The great thing about modern lighweight backpacking gear and rackless carry systems is that it allows you to ride with everything you need for a multiday trip, but still be able to as if you were on a day trip. this was driven home to me as I was blasting down some very fast prairie singletrack, when a deep rut crossed the trail. I was able to bunnyhop it just fine. The same goes for slow speed climbing and rough highspeed descents, almost as good as regular.
We took a sleeper train out of Minneapolis on Thursday night and arrived in Williston, ND mid day on Friday. After getting our bikes together and our bikeclothes on we took a taxi out to the middle of the trail and started riding around 4 pm. We rode about 14 miles to Magpie Camp It felt great to be out on these empty, windswept plains, far away from everyday life. It started to get cold right away. Since the campground is located in a valley, you lose sun early and don’t get it back till it’s very high up. great in June, not so much in October. We bundled up, made camp and had dinner. At night the stars were beautiful in the clear sky, but someone had forgotten to turn the cows off, so they would occasionally moo in the distance.
On Saturday we rode about 23 miles to Elkhorn Ranch Camp. This involved crossing the Little Missouri River, wet feet but not much more. Due to the drought this year the river was very low. There is a miserable stretch of trail on this segment, where the cattle have pockmarked the trail when it was wet, which has now hardened into a washboard surface, absolutely horrible! However, like all the other days, there were also some sections of trail that had me hollering with joy as I flew down a sinewy line of smooth dirt at warp speed.
the only snake we saw was this tiny guy;
During the night we had a very brief rainstorm and then the temps dropped again, leaving everything covered in ice in the morning.
We rode about 28 miles, stopping to get water at Wanagan Camp.

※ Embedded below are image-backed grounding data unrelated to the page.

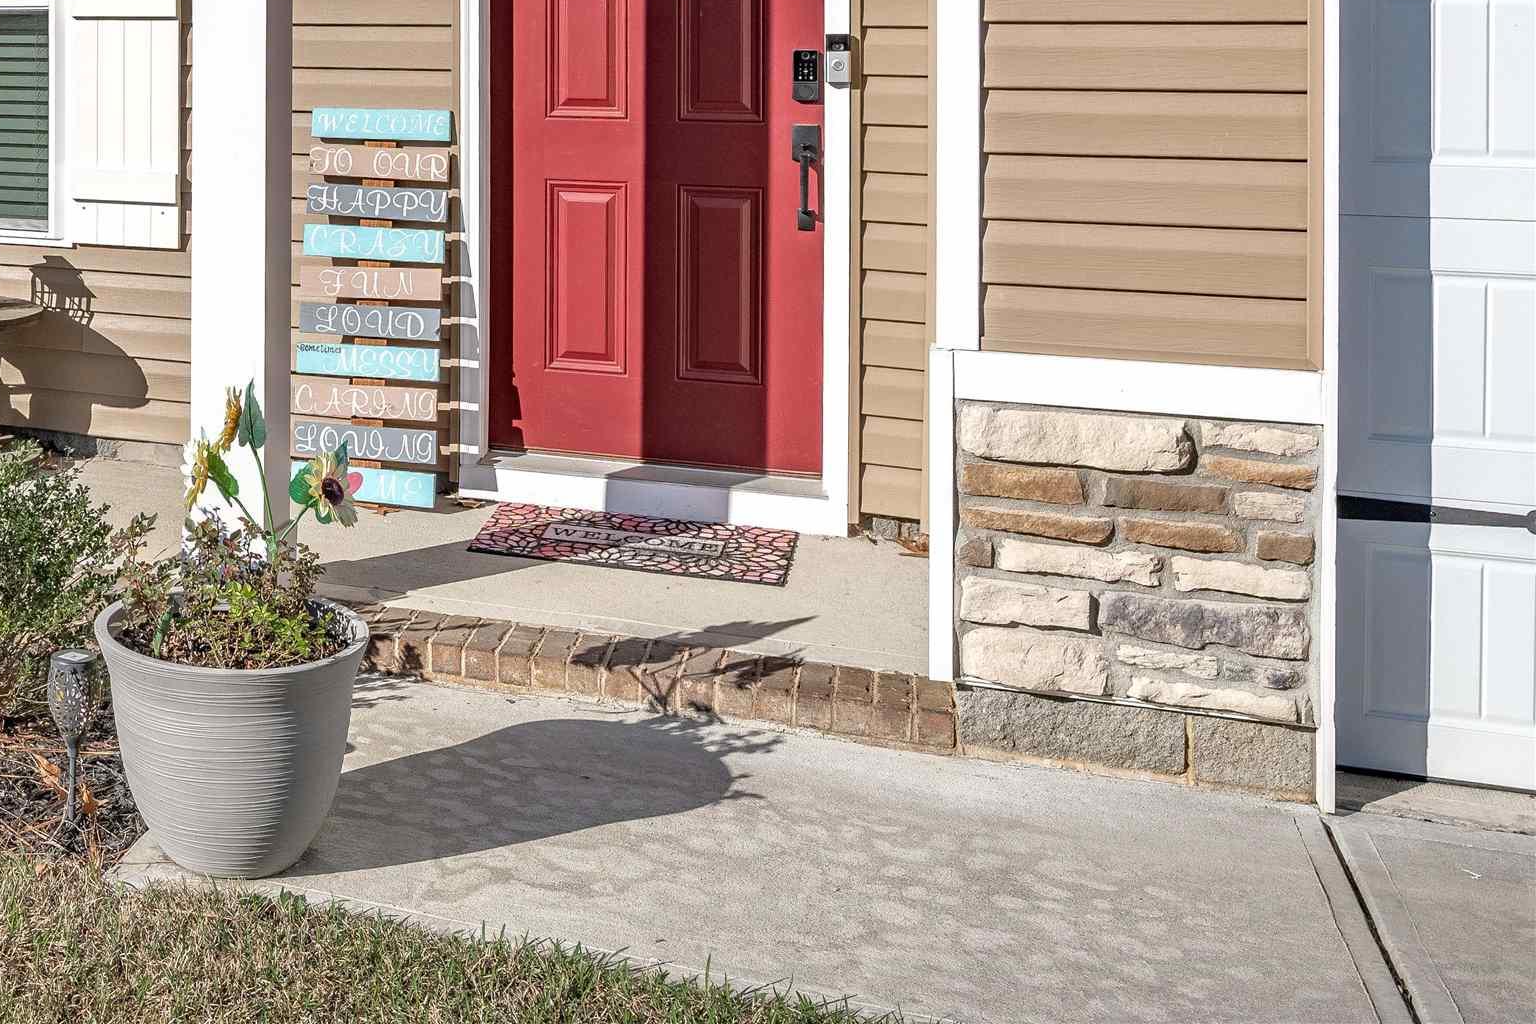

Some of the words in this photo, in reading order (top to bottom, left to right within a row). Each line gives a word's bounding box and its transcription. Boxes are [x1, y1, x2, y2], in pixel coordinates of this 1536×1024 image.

[317, 110, 448, 136] WELCOME
[309, 147, 353, 175] TO
[373, 149, 448, 181] OUR
[306, 185, 447, 222] HAPPY
[309, 225, 441, 263] CRAZY
[320, 269, 414, 298] FUN
[315, 306, 425, 338] LOUD
[323, 347, 440, 381] MESSY
[295, 384, 437, 420] CARING
[294, 424, 433, 462] LOVING
[552, 527, 719, 552] WELCOME

Just before the campground the trail passes through a section of petrified forest. There was no sign marking it and some of the fossils looked so real I wasn’t sure they were petrified until I touched them.

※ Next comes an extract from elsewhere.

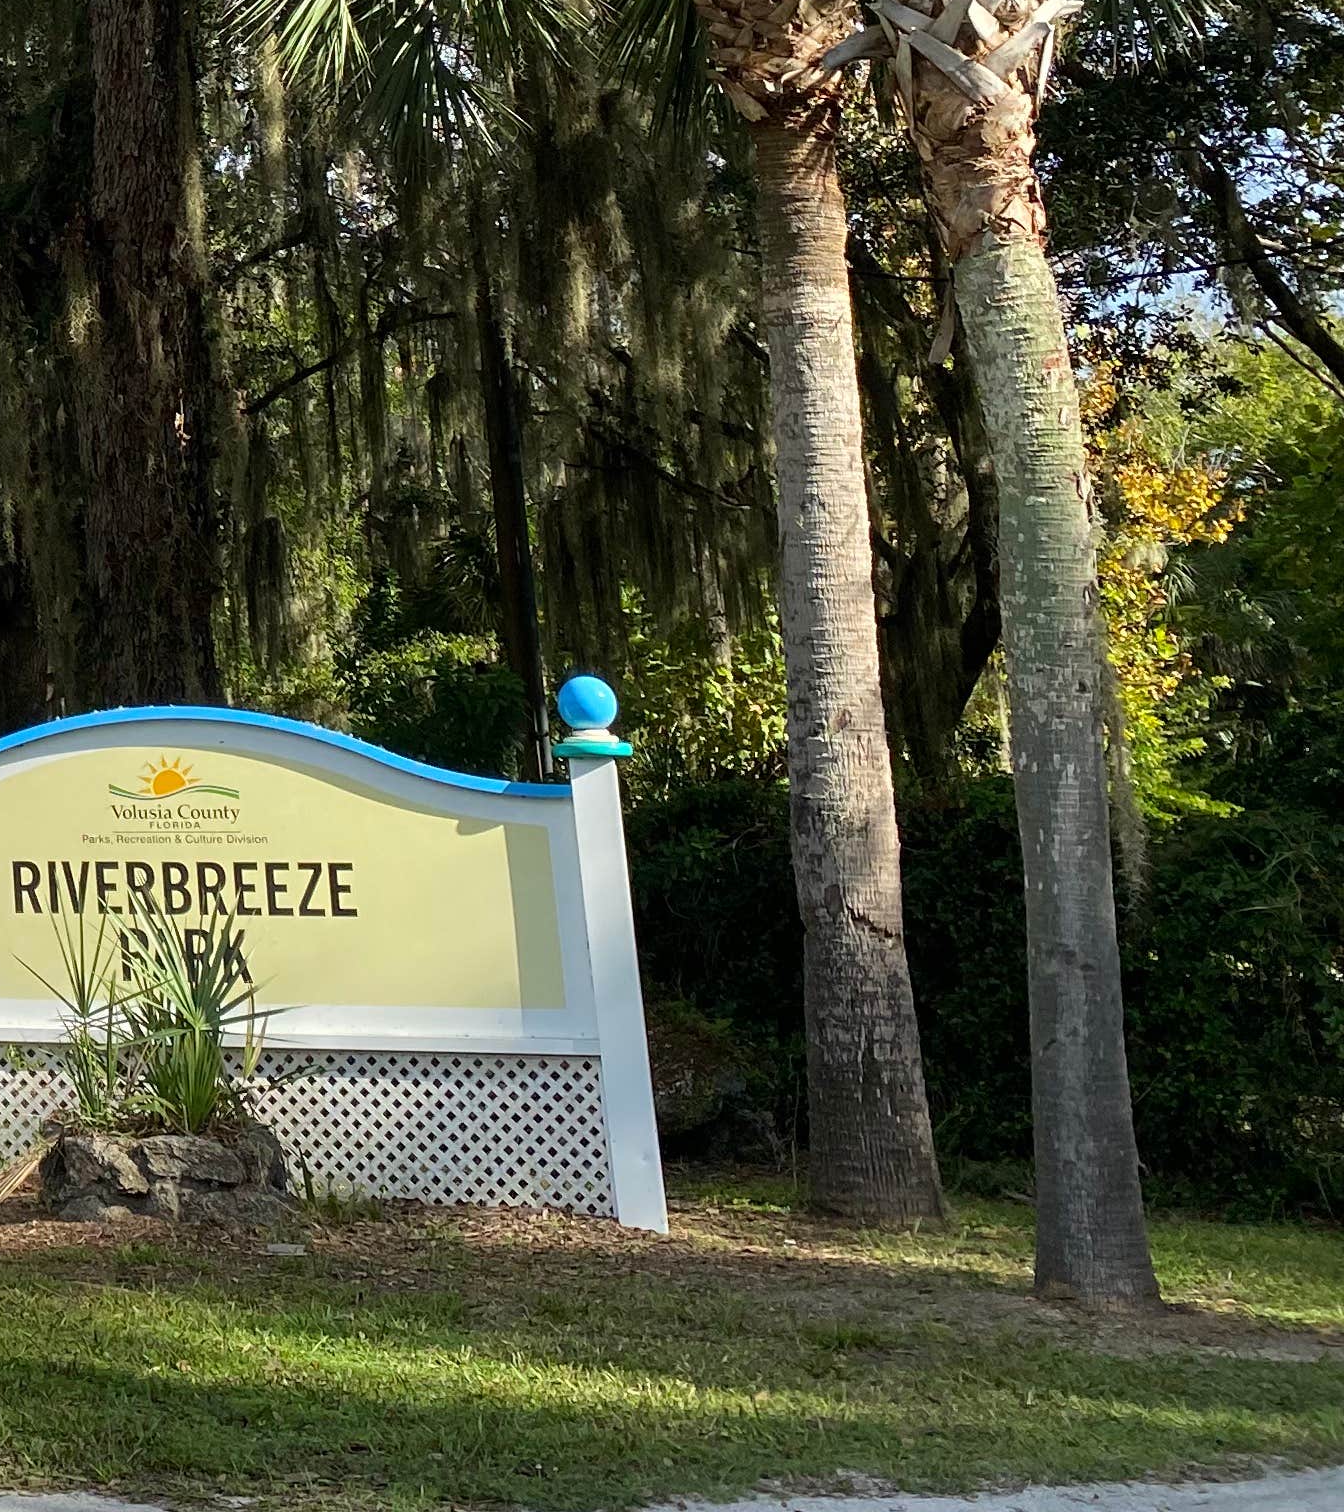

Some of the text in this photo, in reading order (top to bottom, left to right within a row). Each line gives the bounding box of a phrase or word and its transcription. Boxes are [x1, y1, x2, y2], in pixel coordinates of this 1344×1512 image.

[111, 804, 241, 824] Volusia County
[149, 821, 201, 830] FLORIDA
[82, 834, 269, 845] Parks, Recreation & Culture Division
[12, 860, 358, 917] RIVERBREEZE

We passed some cowboys at work:
After the campground we rode on onto the Buffalo Gap trail, a detour around the National Park’s south unit Wilderness. We made a dry camp on a windy saddle in the middle of no-where, but with enormous views in all directions.
On Monday morning we got up early and rode 8 easy miles to the Buffalo Gap Guest Ranch were we had a huge second breakfast and then got a ride back to Williston.
We saw some more mule deer, a white tail buck and some antelope:
One last look at the prairie before we left:
Since the train was delayed, we had some time to kill, so after packing up our bikes and changing into street clothes, we went to a movie in Williston. Once aboard the train we had SHOWERS and a wonderful dinner, then a deep sleep before breakfast in the dining car as we were rolling into Minnesota again.